Jesus, Big Tony, and Me
“Hold on,” I shouted, flipping the shower curtain aside. My foot slipped on the tub and I bashed my leg. “Goddamn!” I looked at my knee expecting to see a large black and blue mark. Nothing, but it hurt like hell so I rubbed it with my hand. “Coming,” I hollered, wrapping a white terry towel around my middle and tracking wet footprints on my glistening hardwood.
“Who is it?” I stuck my wet eye to the peephole.
What? I rubbed at my eye. Jesus? The only Jesus I knew played baseball and pronounced his name Hay-soos.
“Jesus Christ. You and I need to talk.”
My eye cleared. I saw this big fat guy with hairy arms and a dirty white smock. “Show me your face.” My body started to tingle. I don’t know why, but for some reason I thought of the Holy Ghost.
He turned, revealing a bushy, stringy beard.
“All right,” I said, “Who are you?”
He reached into a fold of his smock and extracted a wallet. “Here’s my driver’s license.” He pulled out a blue plastic card and held it toward the peephole. The picture was of a younger, thinner man, but there was a resemblance.
“It’s not a good picture,” He said. “They never are.”
“How come Jesus Christ needs a driver’s license?”
“I don’t. You asked for ID–I thought I’d show you something familiar.”
“How about a birth certificate?”
“Clever.” He pulled out a card that looked like Amex or VISA Gold. “This one’s hard to read. I’ll shove it under your door.”
I looked down. A corner stuck through.
“Pull from your side. It seems stuck.”
I bent down. “Hey, wait a minute, if you’re really Jesus Christ, why did you have to shove it under the door? Couldn’t you like poof it through?”
“Like magic, you know, POOF!”
“I suppose so. I never thought of that.”
The card started to glow. I jumped back. The card skittered back into the hallway. “Holy shit,” I yelled.
” “There’s some weird shit going on.”
“It’s a small miracle. You sounded like you wanted to see something Copperfieldian.”
I stuck my eye back to the peephole. “The trouble I’m having man is that you don’t look like Jesus.”
“What did you think I’d look like?”
“Well, you know, all white and stuff.”
“I’m wearing a white top. Isn’t that good enough?”
“I thought you’d be shiny.”
“Glowy, you know–a glowy halo.”
“I don’t think ‘glowy’ is a word.”
“Hey, I let Copperfieldian pass, you should let glowy pass.”
“I’m heir to Him. I’m allowed to make up words. You’re not.”
“Well, you don’t look like the pictures I’ve seen.”
“Book or film?”
“Both. I have read the Bible you know, and I saw The Ten Commandments and some TV specials, like at Easter.”
“Yes, I know.”
“Do you really know everything, like do you spy on everyone, even in their bedrooms?”
“We don’t think of it as spying.”
“So you know about-uh–that girl last night?”
“Yes, I do, and that’s why I’m here. Please open the door.”
I figured if I didn’t, he’d just pop through, or Bulldog Air Freshener more likely knock it down, make a lot of noise, and piss off the neighbors, so I opened the door. He stepped in. I smelled an odor like the camel I’d ridden once when I visited Egypt, and his white smock was even dirtier than I first noticed.
“I’m having trouble getting past your appearance. I mean look at your smock. It’s filthy.”
“It’s a robe.”
“Robe, schmobe, it isn’t fresh smelling.” I thought better of telling him He smelled like a camel, you know, just in case He really was the Big J.

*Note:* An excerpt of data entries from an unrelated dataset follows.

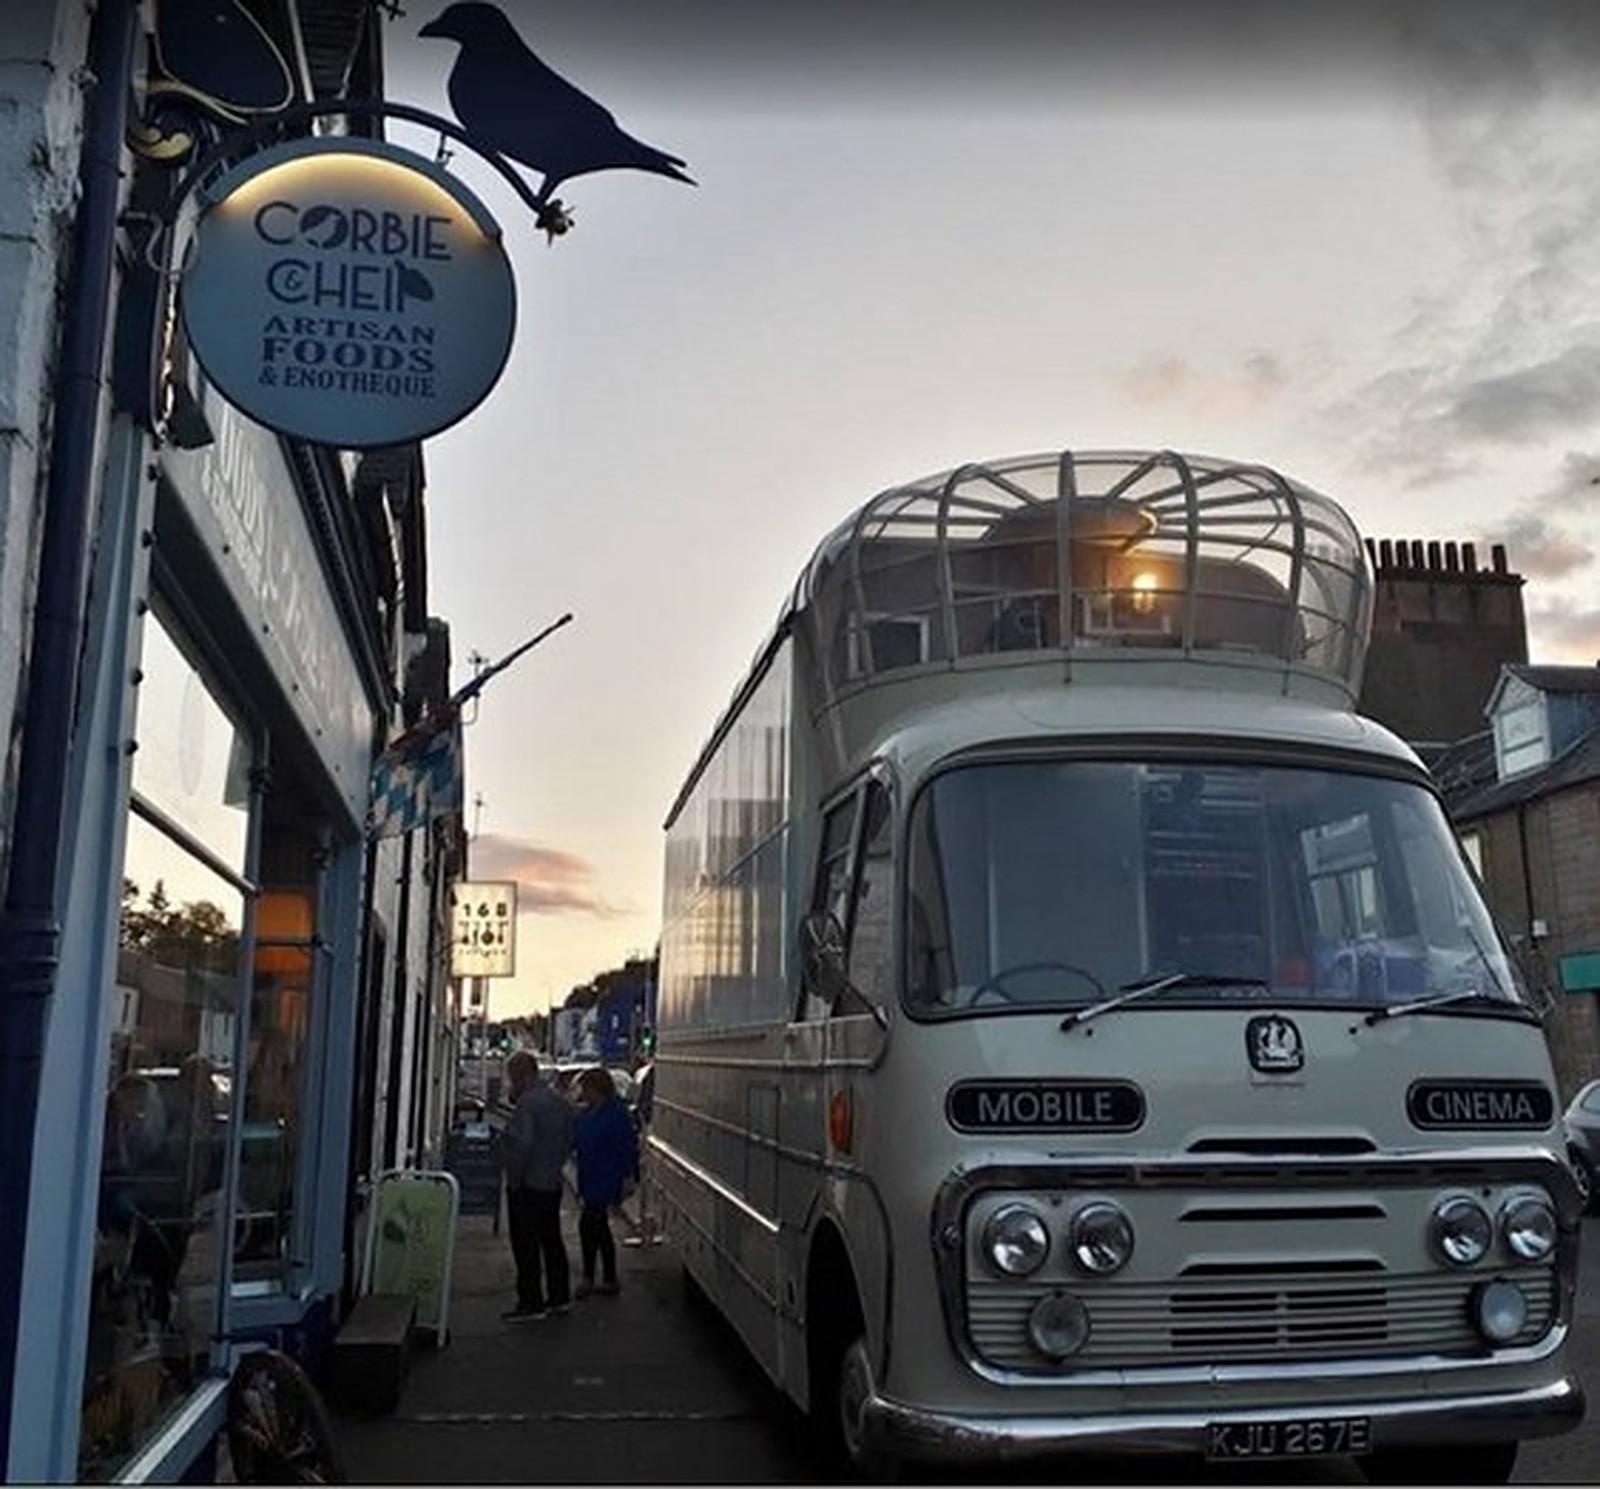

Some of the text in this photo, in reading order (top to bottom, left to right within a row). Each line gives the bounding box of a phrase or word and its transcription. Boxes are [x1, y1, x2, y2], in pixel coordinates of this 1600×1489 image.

[255, 201, 453, 261] CORBIE
[263, 316, 435, 345] ARTISAN
[263, 338, 434, 373] FOODS
[258, 366, 436, 397] & ENOTHEQUE
[977, 1091, 1114, 1122] MOBILE
[1426, 1091, 1535, 1119] CINEMA
[1212, 1418, 1367, 1455] KJU 267E
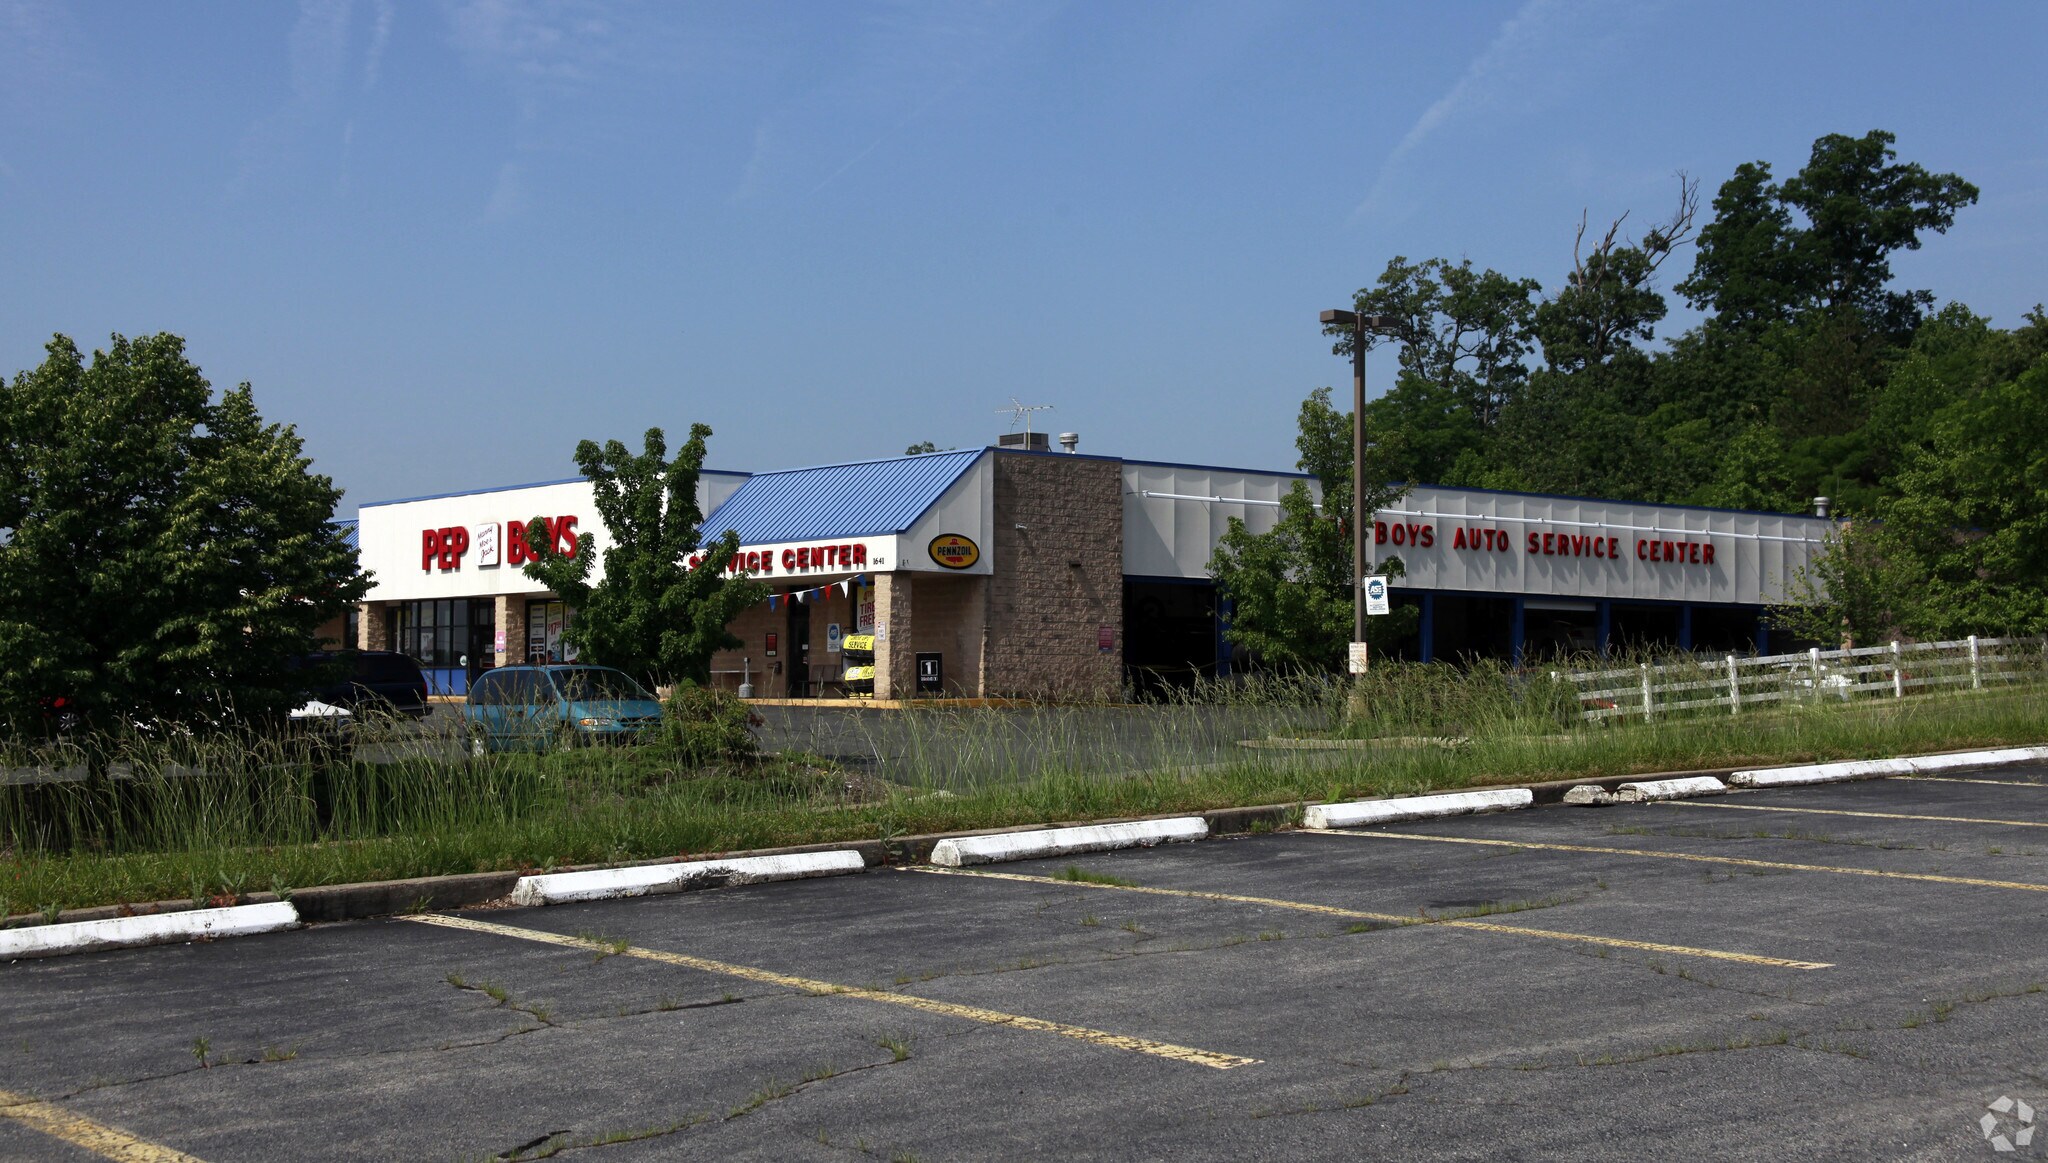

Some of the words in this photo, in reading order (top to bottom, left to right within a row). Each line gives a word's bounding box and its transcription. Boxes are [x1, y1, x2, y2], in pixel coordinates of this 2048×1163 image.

[422, 526, 469, 571] PEP
[1375, 521, 1434, 548] BOYS
[1453, 527, 1509, 552] AUTO
[1528, 532, 1619, 559] SERVICE
[1637, 539, 1715, 565] CENTER
[937, 546, 972, 556] PENNZOIL
[689, 550, 774, 574] SVICE
[781, 543, 868, 569] CENTER
[873, 557, 885, 565] 1641
[1370, 585, 1382, 593] ASE
[925, 661, 932, 675] 1
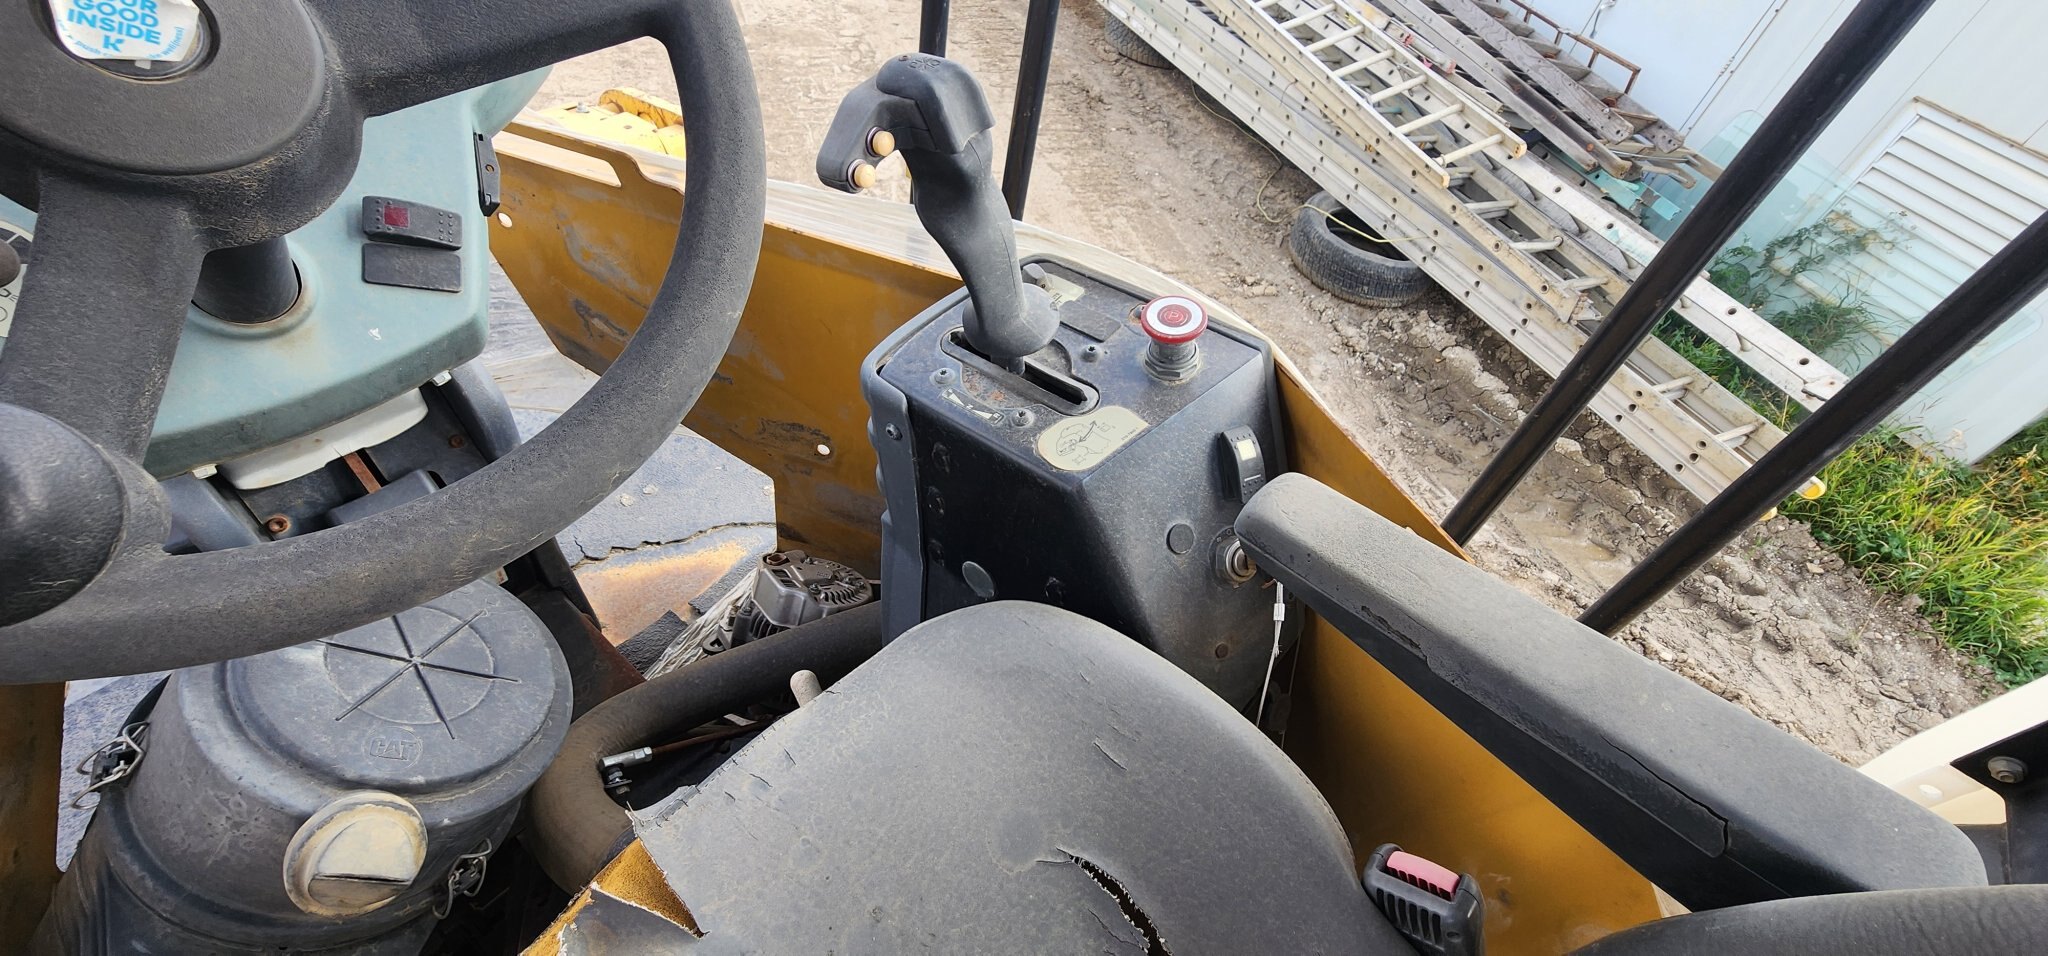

“I have traveled a great distance.”
“And look at your feet. Who wears socks with sandals?”
“Is that all?”
“Frankly, no; you look more like Sam, my butcher.”
“Because he wears socks with his sandals?”
“Because you’re both fat.”
“I’m not sure I like the word ‘fat.'”
“Why, didn’t your Father invent it?”
“Oh, He invented it all right. He invented all words–well, except the ones your President makes up. It’s just that my Father didn’t intend that ‘fat’ be used to describe people, particularly me.”
Bright lightning zigzagged across the sky and hit the ground. I looked out the window in time to see my apple tree explode. A clap of thunder shook the house. I dove into the closet.